The answer must reproduce the listing exactly, with every picture left out.

□ □ □ □ □ □ □

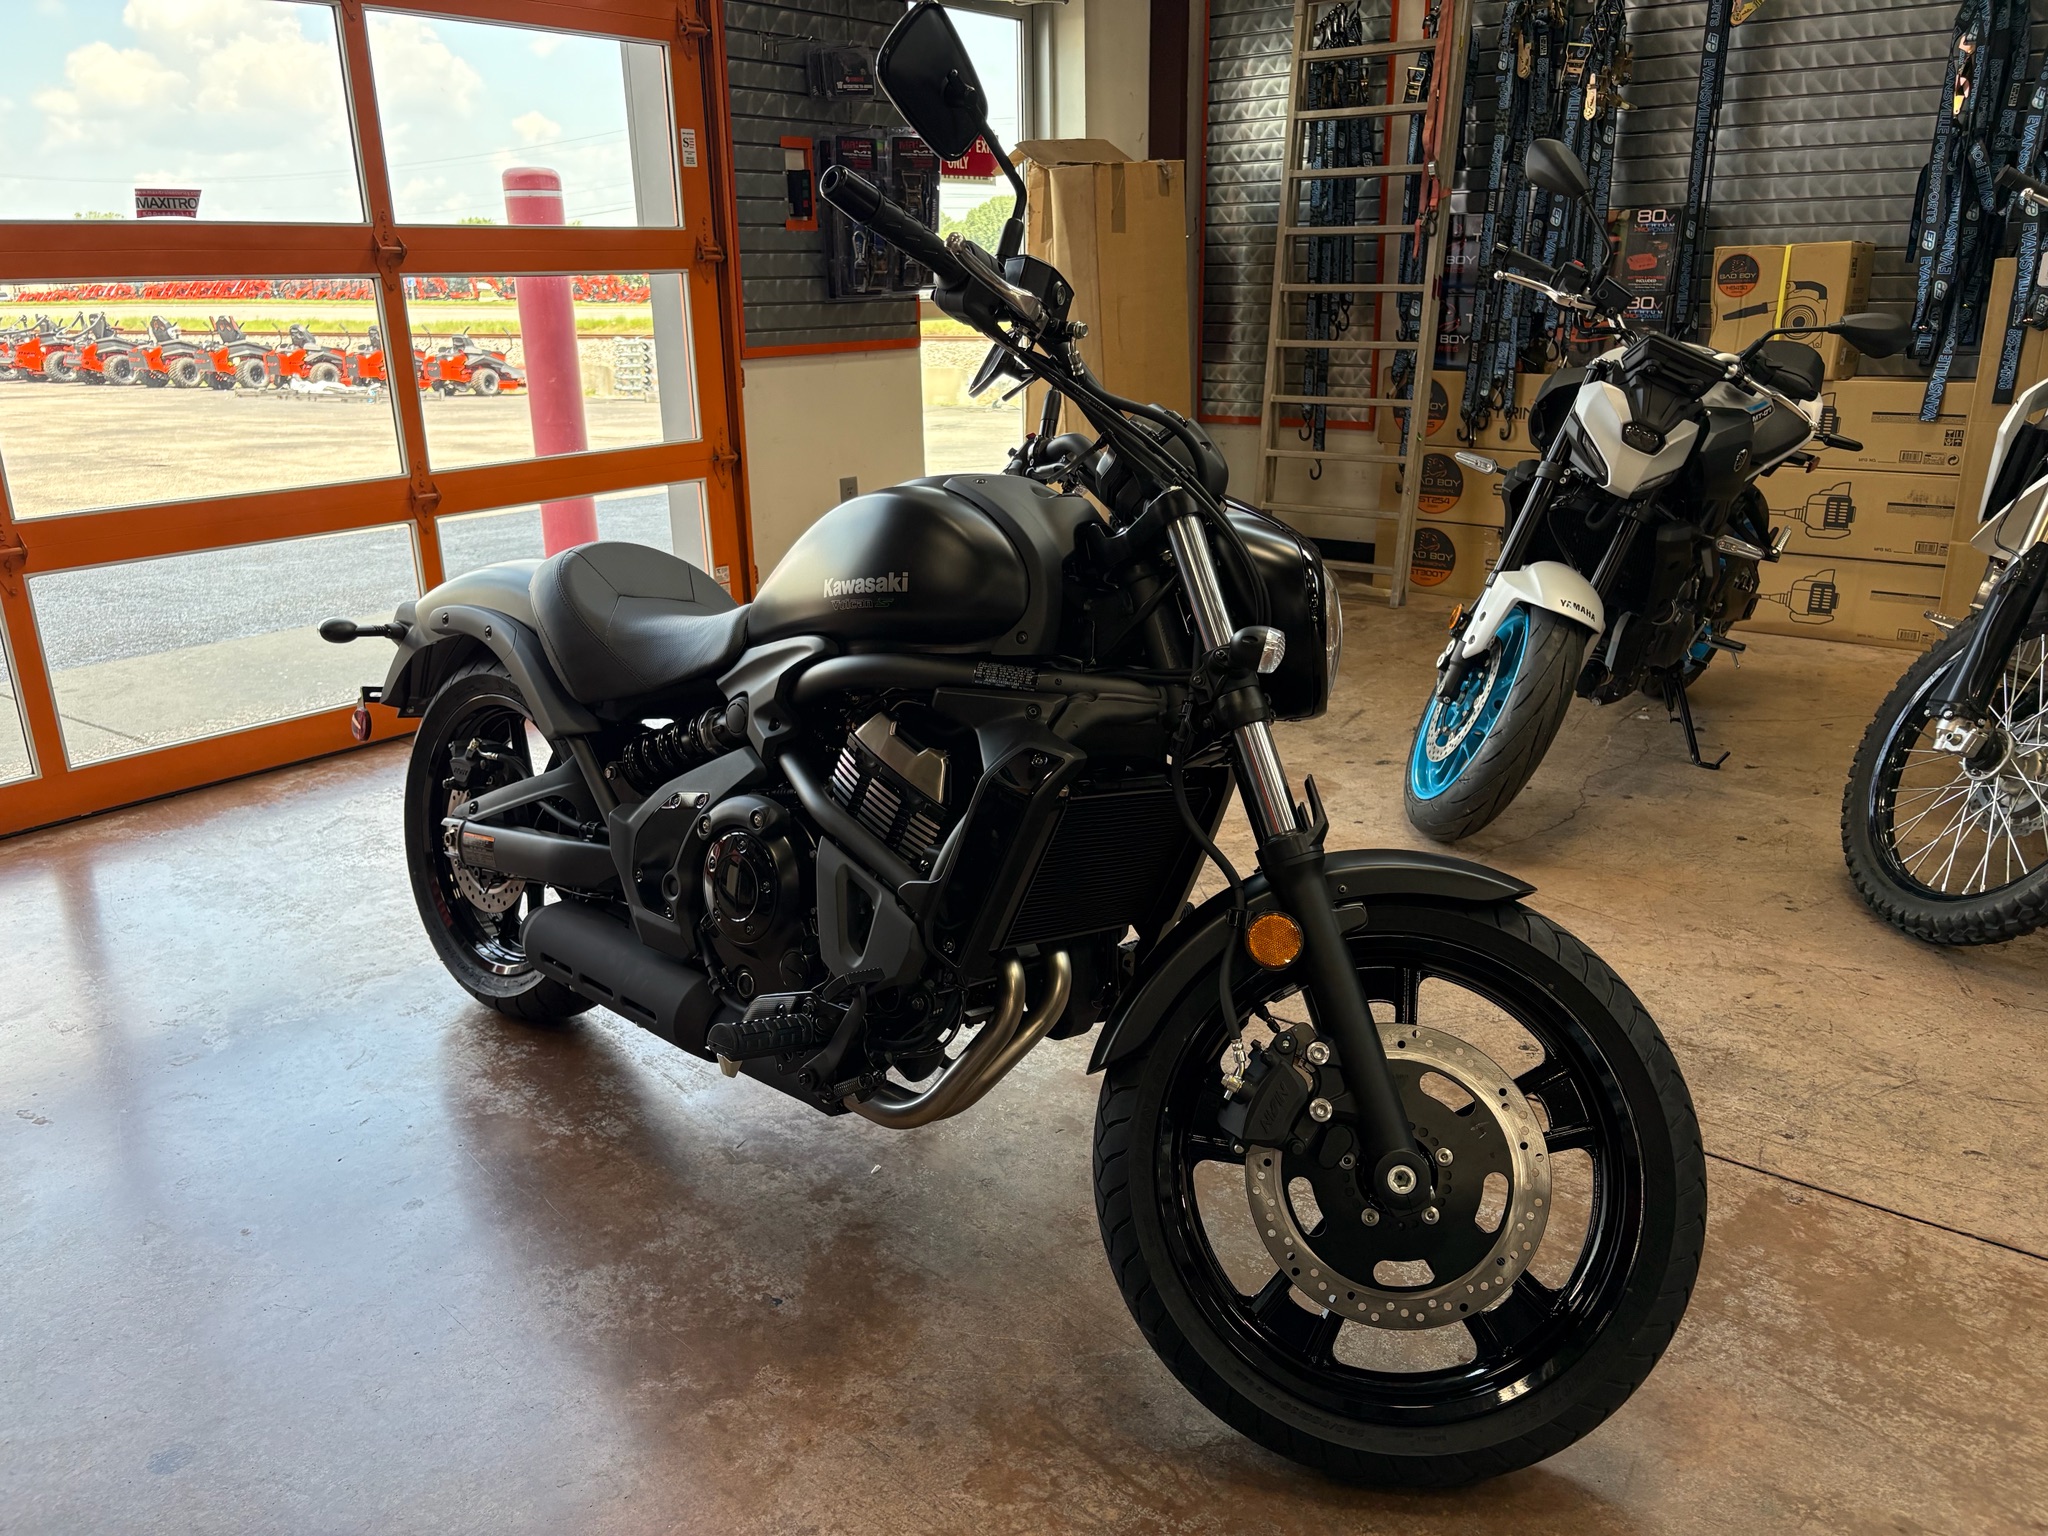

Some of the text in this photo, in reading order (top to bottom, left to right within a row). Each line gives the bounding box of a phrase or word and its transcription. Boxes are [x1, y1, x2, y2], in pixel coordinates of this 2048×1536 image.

[1689, 58, 1717, 215] EVANSVILLE POWERSPORTS
[2017, 115, 2041, 173] EVANSV
[1595, 149, 1612, 218] EVANSVILLE
[1925, 135, 1947, 224] POWERSPORTS
[136, 197, 199, 209] MAXITRO
[1922, 230, 1936, 251] EP
[1446, 255, 1476, 265] BOY
[1676, 244, 1694, 314] EVANSVILLE
[1439, 334, 1470, 345] BOY
[1920, 355, 1953, 422] VANSVILLE
[1752, 406, 1773, 422] MT-07
[1437, 478, 1461, 487] BOY
[1419, 495, 1450, 505] ST254
[1429, 553, 1453, 561] BOY
[823, 571, 909, 598] Kawasaki
[831, 598, 873, 611] Vulcan
[1560, 599, 1596, 622] YAMAHA
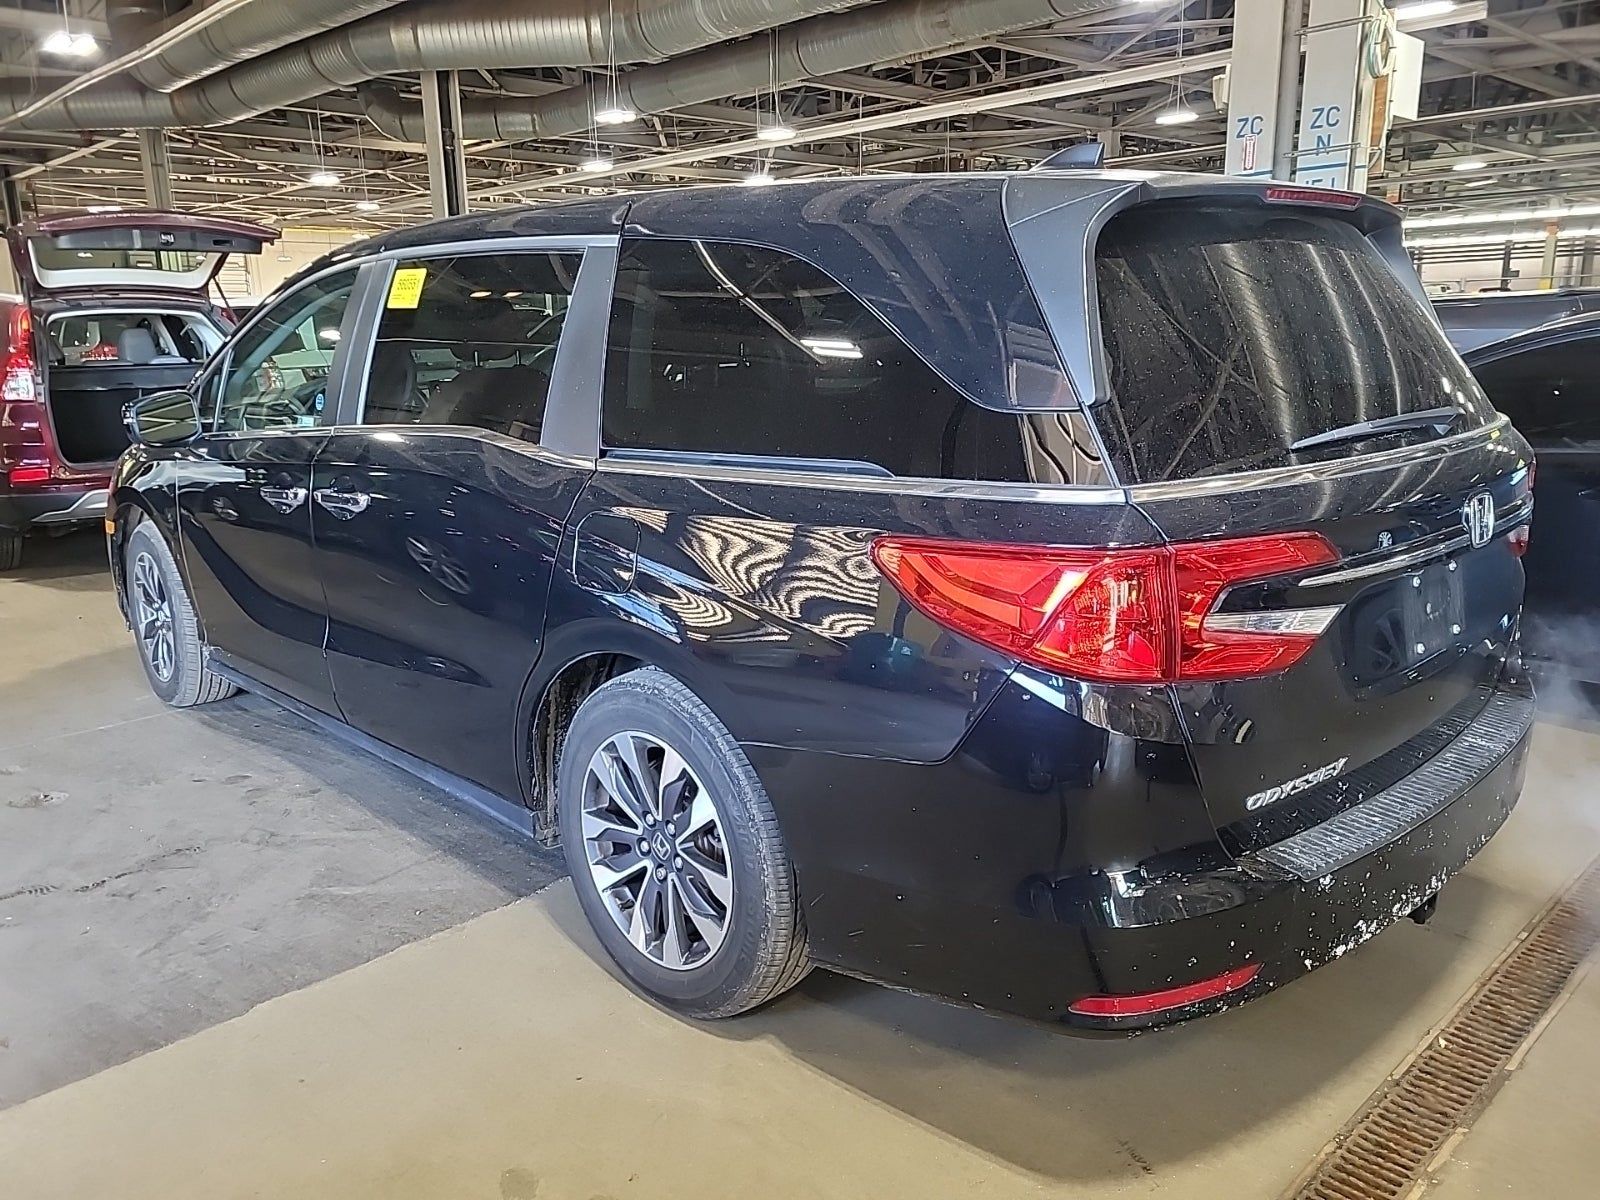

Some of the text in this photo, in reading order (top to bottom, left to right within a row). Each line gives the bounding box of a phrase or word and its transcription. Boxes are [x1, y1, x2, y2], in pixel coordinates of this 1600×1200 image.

□ □ □ □ □ □ □

Problem solution:
Some of the text in this photo, in reading order (top to bottom, left to right within a row). Each line gives the bounding box of a phrase or word and its transcription. Boxes are [x1, y1, x2, y2], in pixel coordinates of this 2048×1536 image.

[1689, 58, 1717, 215] EVANSVILLE POWERSPORTS
[2017, 115, 2041, 173] EVANSV
[1595, 149, 1612, 218] EVANSVILLE
[1925, 135, 1947, 224] POWERSPORTS
[136, 197, 199, 209] MAXITRO
[1922, 230, 1936, 251] EP
[1446, 255, 1476, 265] BOY
[1676, 244, 1694, 314] EVANSVILLE
[1439, 334, 1470, 345] BOY
[1920, 355, 1953, 422] VANSVILLE
[1752, 406, 1773, 422] MT-07
[1437, 478, 1461, 487] BOY
[1419, 495, 1450, 505] ST254
[1429, 553, 1453, 561] BOY
[823, 571, 909, 598] Kawasaki
[831, 598, 873, 611] Vulcan
[1560, 599, 1596, 622] YAMAHA

Some of the text in this photo, in reading order (top to bottom, left to right within a row). Each line gives the bounding box of a phrase or word and its transcription. Boxes are [x1, y1, x2, y2], in pixel coordinates of this 1600×1200 image.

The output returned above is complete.